**What to do**
From top to bottom, retype the data exactly, passing over any picture.

**Saved entries**
<<<<
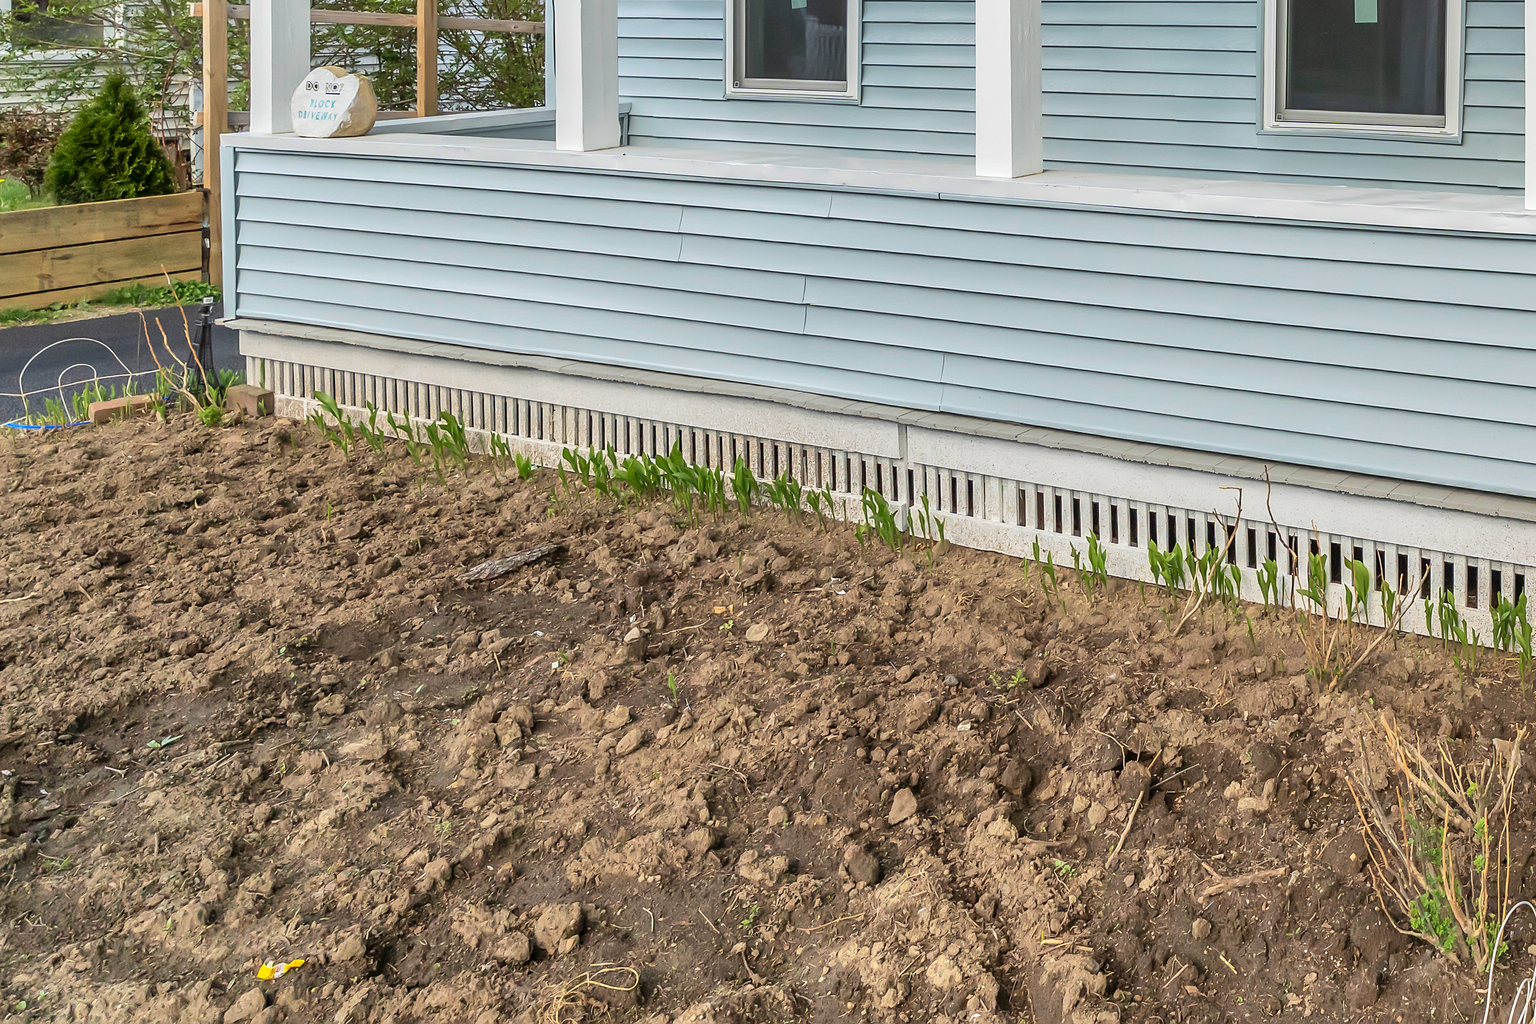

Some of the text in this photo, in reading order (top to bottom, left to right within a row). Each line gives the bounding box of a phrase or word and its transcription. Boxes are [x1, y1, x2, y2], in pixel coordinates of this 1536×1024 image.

[305, 80, 320, 92] DO
[309, 98, 337, 109] BLOCK
[298, 110, 339, 121] DRIVEWAY
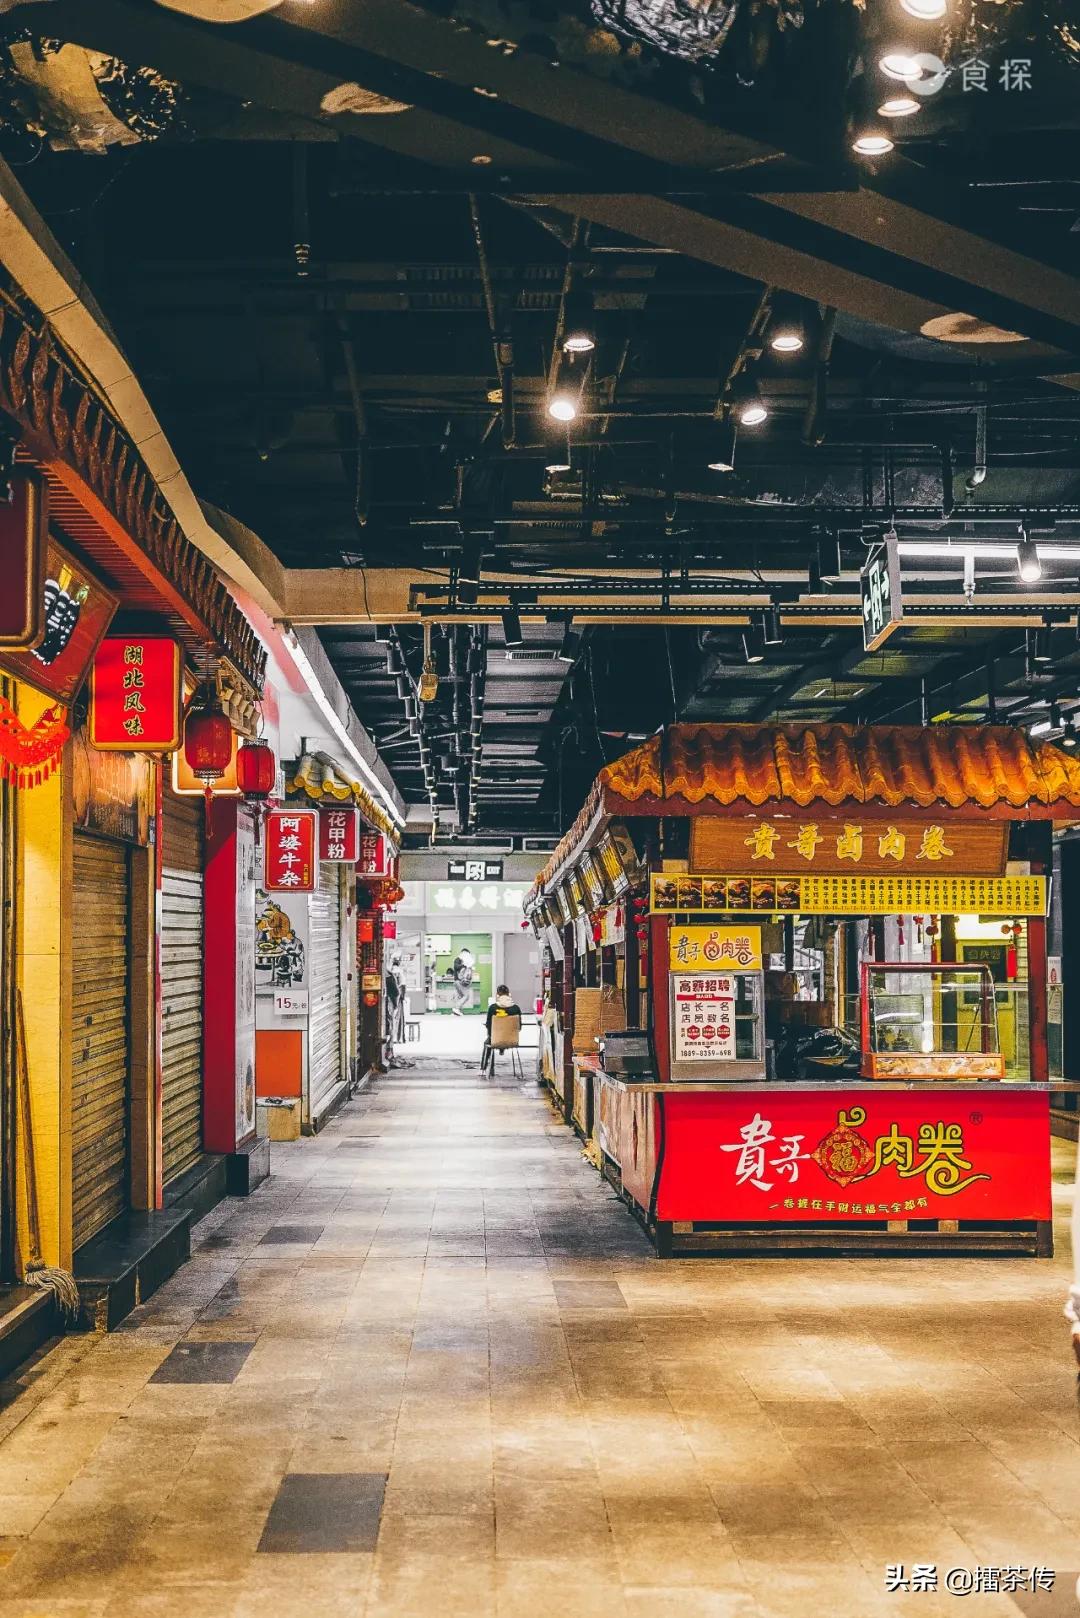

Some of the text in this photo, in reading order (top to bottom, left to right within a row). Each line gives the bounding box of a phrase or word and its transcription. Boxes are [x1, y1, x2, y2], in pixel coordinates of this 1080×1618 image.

[123, 645, 146, 736] 湖北风味
[278, 817, 302, 887] 阿婆牛杂
[328, 811, 346, 859] 花甲粉
[362, 836, 377, 873] 花甲粉
[679, 979, 730, 992] 高薪招聘
>>>>
**Expected output**
Some of the text in this photo, in reading order (top to bottom, left to right within a row). Each line gives the bounding box of a phrase or word and its transcription. Boxes are [x1, y1, x2, y2], in pixel coordinates of this 1536×1024 image.

[305, 80, 320, 92] DO
[309, 98, 337, 109] BLOCK
[298, 110, 339, 121] DRIVEWAY

Some of the text in this photo, in reading order (top to bottom, left to right within a row). Each line gives the bounding box of a phrase or word and its transcription. Boxes are [x1, y1, x2, y2], in pixel coordinates of this 1080×1618 image.

[123, 645, 146, 736] 湖北风味
[278, 817, 302, 887] 阿婆牛杂
[328, 811, 346, 859] 花甲粉
[362, 836, 377, 873] 花甲粉
[679, 979, 730, 992] 高薪招聘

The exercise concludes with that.